Speech to Text
Provider Disclosure: VoidAI offers speech-to-text services powered by multiple providers, primarily OpenAI. The specific provider used depends on the model you select in your API call.
Convert audio recordings into accurate text transcriptions with VoidAI's Speech-to-Text API, which leverages powerful technology from our provider partners.
Overview
VoidAI's Audio API provides two primary speech recognition endpoints powered by advanced technology:
- Transcriptions: Convert speech to text in the original language
- Translations: Convert speech to English text, regardless of the source language
Available Models
We offer a range of models with different capabilities:
Model | Description | Use Case |
---|---|---|
whisper-1 | Versatile baseline model | General transcription and translation with full parameter support |
gpt-4o-mini-transcribe | Improved accuracy model | Higher quality transcriptions with faster processing |
gpt-4o-transcribe | Premium accuracy model | Highest quality transcriptions for professional use |
All models support files up to 25MB in these formats: mp3
, mp4
, mpeg
, mpga
, m4a
, wav
, and webm
.
Getting Started
Basic Transcription
To transcribe audio in its original language:
from openai import OpenAI
# Initialize the client
client = OpenAI(api_key="yourapikey", base_url="https://api.voidai.app/v1")
# Open the audio file
audio_file = open("recording.mp3", "rb")
# Create the transcription
transcription = client.audio.transcriptions.create(
model="gpt-4o-transcribe",
file=audio_file
)
# Print the result
print(transcription.text)
Response Formats
By default, the API returns JSON responses. For whisper-1
, you can request various formats:
Format | Description | Use Case |
---|---|---|
json | Simple JSON with text | Default format for all models |
text | Plain text response | Simple integration scenarios |
srt | SubRip subtitle format | Video captioning |
vtt | WebVTT subtitle format | Web video captioning |
verbose_json | Detailed JSON with metadata | Advanced applications needing metadata |
For gpt-4o
models, only json
and text
formats are currently supported.
Example with custom format:
from openai import OpenAI
client = OpenAI(api_key="yourapikey", base_url="https://api.voidai.app/v1")

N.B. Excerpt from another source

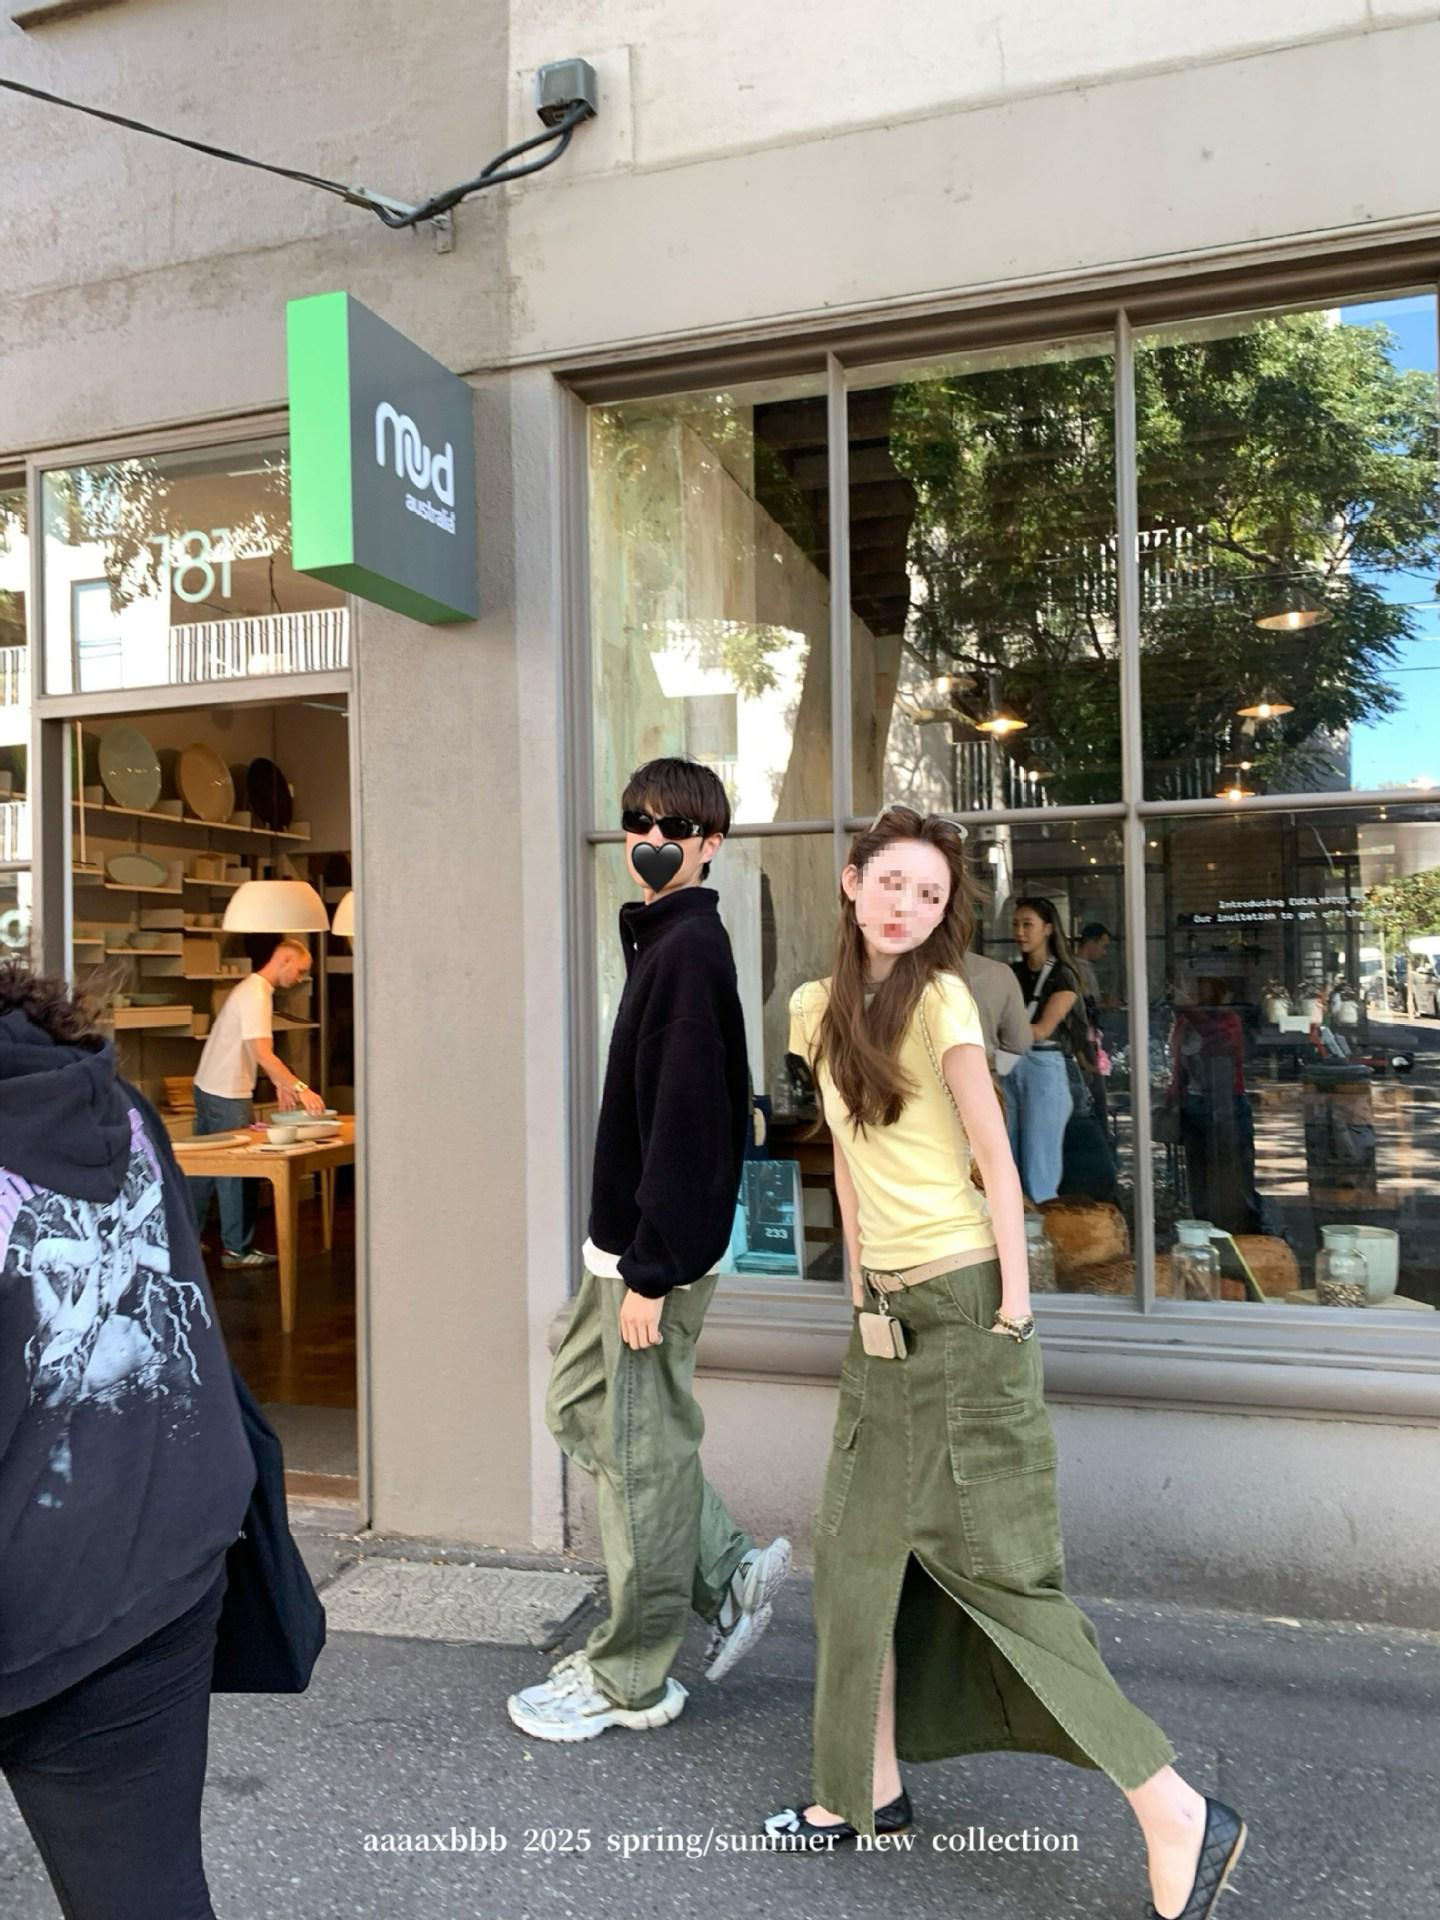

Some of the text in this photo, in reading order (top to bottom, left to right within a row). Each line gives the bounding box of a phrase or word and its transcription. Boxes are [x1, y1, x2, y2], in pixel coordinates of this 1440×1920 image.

audio_file = open("podcast.mp3", "rb")
# Request SRT format for video subtitles
transcription = client.audio.transcriptions.create(
model="whisper-1",
file=audio_file,
response_format="srt"
)
# Save directly to a subtitle file
with open("subtitles.srt", "w", encoding="utf-8") as f:
f.write(transcription.text)
Translation to English
To translate foreign-language audio directly to English text:
from openai import OpenAI
client = OpenAI(api_key="yourapikey", base_url="https://api.voidai.app/v1")
audio_file = open("spanish_interview.mp3", "rb")
# Translate to English
translation = client.audio.translations.create(
model="whisper-1",
file=audio_file
)
print(translation.text)
Advanced Features
Word-Level Timestamps
For precise synchronization with video or audio, you can get timestamps for each word:
from openai import OpenAI
client = OpenAI(api_key="yourapikey", base_url="https://api.voidai.app/v1")
audio_file = open("interview.mp3", "rb")
transcript = client.audio.transcriptions.create(
model="whisper-1",
file=audio_file,
response_format="verbose_json",
timestamp_granularities=["word"]
)
# Example of accessing word timestamps
for word in transcript.words:
print(f"{word['word']}: {word['start']} to {word['end']}")
# Create a simple interactive transcript
html_transcript = "<div class='interactive-transcript'>"
for word in transcript.words:
html_transcript += f"<span data-start='{word['start']}' data-end='{word['end']}'>{word['word']}</span> "
html_transcript += "</div>"
with open("interactive_transcript.html", "w") as f:
f.write(html_transcript)
Streaming Transcriptions
For real-time feedback, stream results as they become available:
from openai import OpenAI
client = OpenAI(api_key="yourapikey", base_url="https://api.voidai.app/v1")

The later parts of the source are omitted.